At some point you’re going to have to grasp the nettle. Either you think that certain core beliefs do exist “on their own” because your faith tells you so, or you don’t. If you don’t, that’s fine by me – you can treat the “holy” texts as you would any other attempts by people to understand the world, albeit relatively primitive ones appropriate to their times. If you do though, then if everything potentially at least is up for re-interpretation what need is there for a god sitting behind it?
You keep asserting it is problematic - I am not seeing the problem unless the consequence of an action causes problems.
It does. Are your seriously suggesting that the behaviours of theocracies for example aren’t (and haven’t always been) “problematic” for those unfortunate enough to have been subjected to them?
And when the consequences cause a problem there are clearly theists who think their original interpretation needs to be re-interpreted in light of new information to arrive at what they think is better outcome. Only the theists who don't do this cause problems, not all theists.
Tell it to the clerics who provide the intellectual cover for ISIS.
I don't investigate the word of god as without a person to interpret it, the word of god has no relevance. So I investigate the person interpreting it. How do you investigate someone's perceptions in order to arrive at an objective truth of whether something is right or wrong? You can't yet we make moral decisions because we have to make some decision.
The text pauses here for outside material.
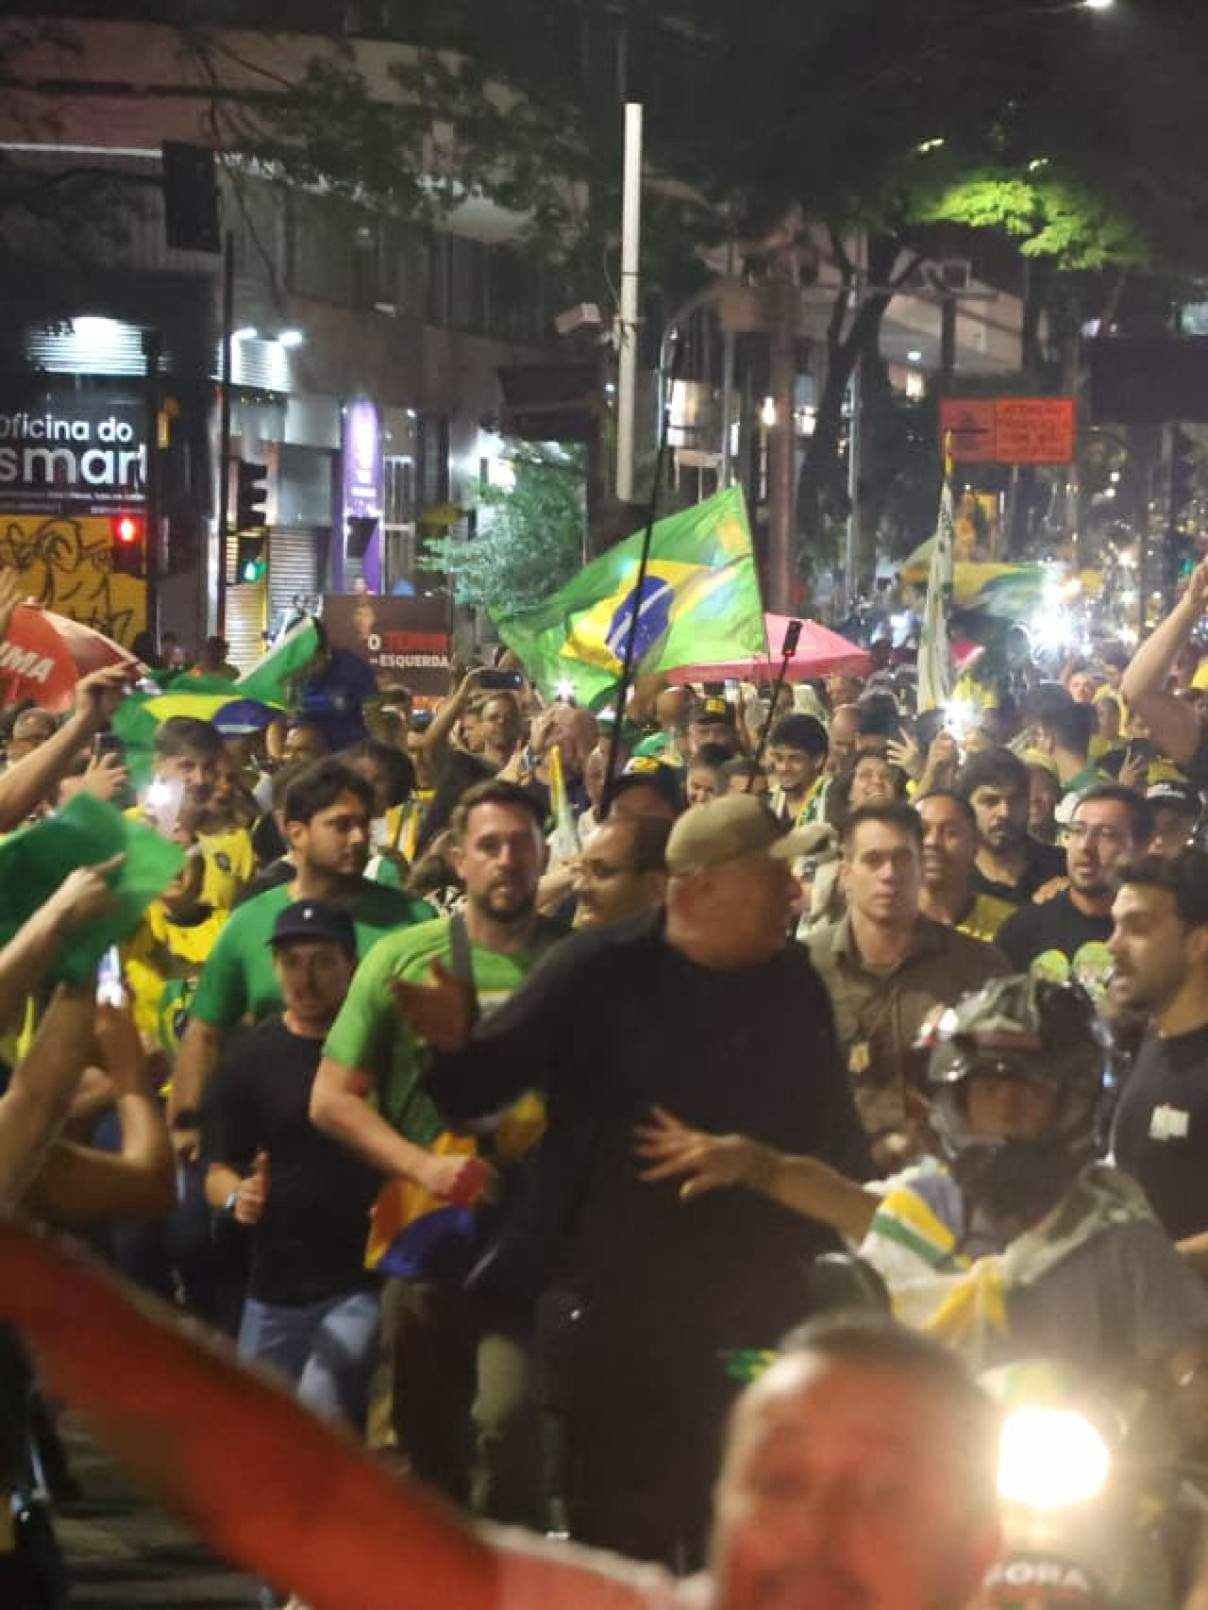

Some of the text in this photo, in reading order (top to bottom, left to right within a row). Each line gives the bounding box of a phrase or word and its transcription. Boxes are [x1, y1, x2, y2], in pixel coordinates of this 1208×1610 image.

[0, 413, 133, 442] oficina do
[367, 633, 382, 651] O
[379, 654, 449, 668] ESQUERDA
We do, but sometimes someone will say, “X is true because god says so, and I know that because that’s my faith”. Then what?
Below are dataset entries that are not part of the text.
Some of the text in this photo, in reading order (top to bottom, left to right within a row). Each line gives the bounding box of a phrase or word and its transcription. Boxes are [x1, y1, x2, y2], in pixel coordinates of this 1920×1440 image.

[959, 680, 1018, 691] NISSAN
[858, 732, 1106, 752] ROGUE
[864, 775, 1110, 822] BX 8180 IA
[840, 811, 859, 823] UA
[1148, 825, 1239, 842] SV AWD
You could I suppose shop around until you found a cleric who said instead, “Y is true because god says so, and I know that because that’s my faith” (assuming you happen to prefer Y over X) but that would just be confirmation bias – you wouldn’t have investigated anything.
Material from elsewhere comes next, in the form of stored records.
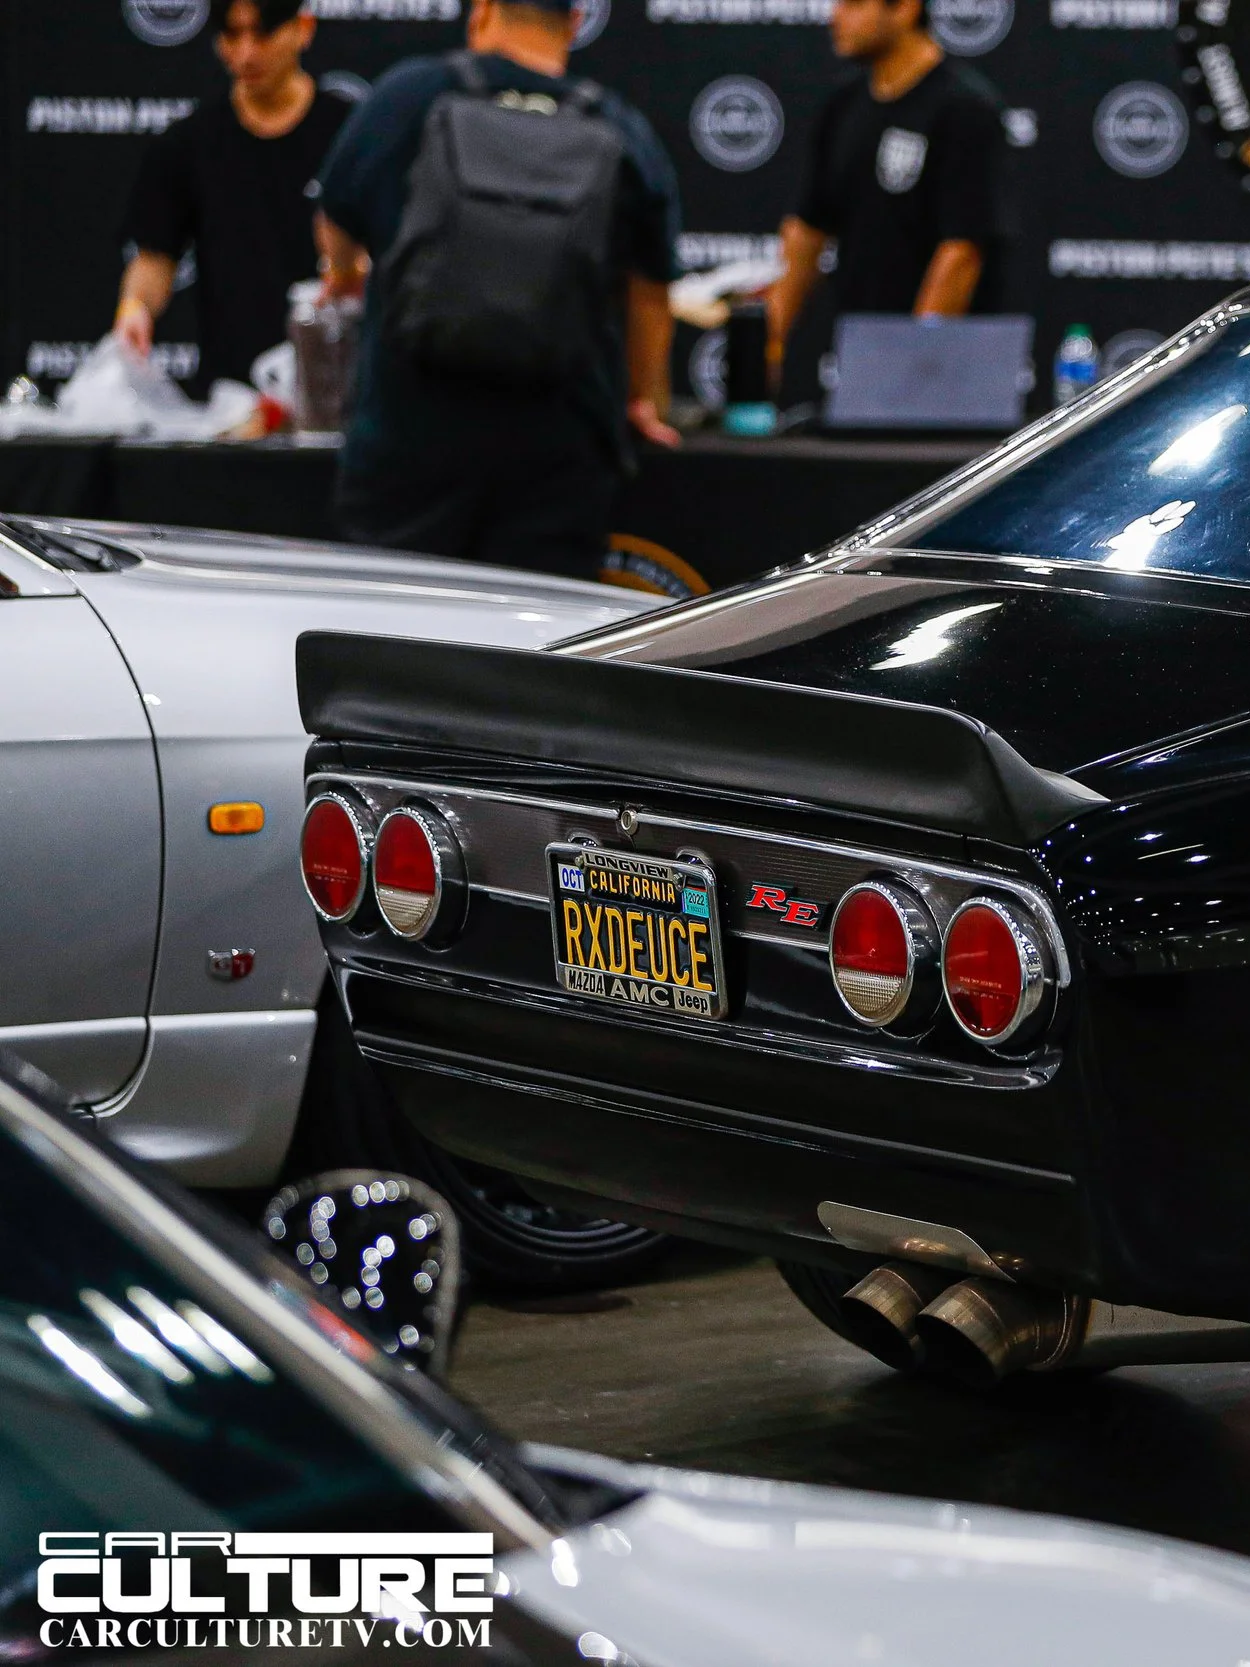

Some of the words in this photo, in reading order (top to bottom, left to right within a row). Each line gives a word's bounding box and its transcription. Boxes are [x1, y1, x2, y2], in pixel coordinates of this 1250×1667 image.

[562, 867, 582, 888] OCT
[584, 853, 669, 878] LONGVIEW
[590, 870, 676, 904] CALIFORNIA
[688, 891, 705, 906] 2022
[747, 884, 820, 927] RE
[563, 900, 713, 991] RXDEUCE
[568, 969, 605, 994] MAZDA
[610, 978, 669, 1006] AMC
[678, 990, 708, 1013] Jeep
You're choosing not to see it. Without people to interpret it no one has any concept of what god supposedly knows or says.
Nope. What “interpretation” could there be of the accurately worded revealed instructions of gods? Either you think everything is up for grabs (in which case the god bit is redundant) or you don’t (in which case the faith bit is the problem).
Incidentally, why too if there was a god who wanted us to know what his rules are would he make them so unclear that we’d need an eternity to re-interpret them, and even then not know whether we’d got it right? What test could we apply to know whether the current interpretation is now the correct one?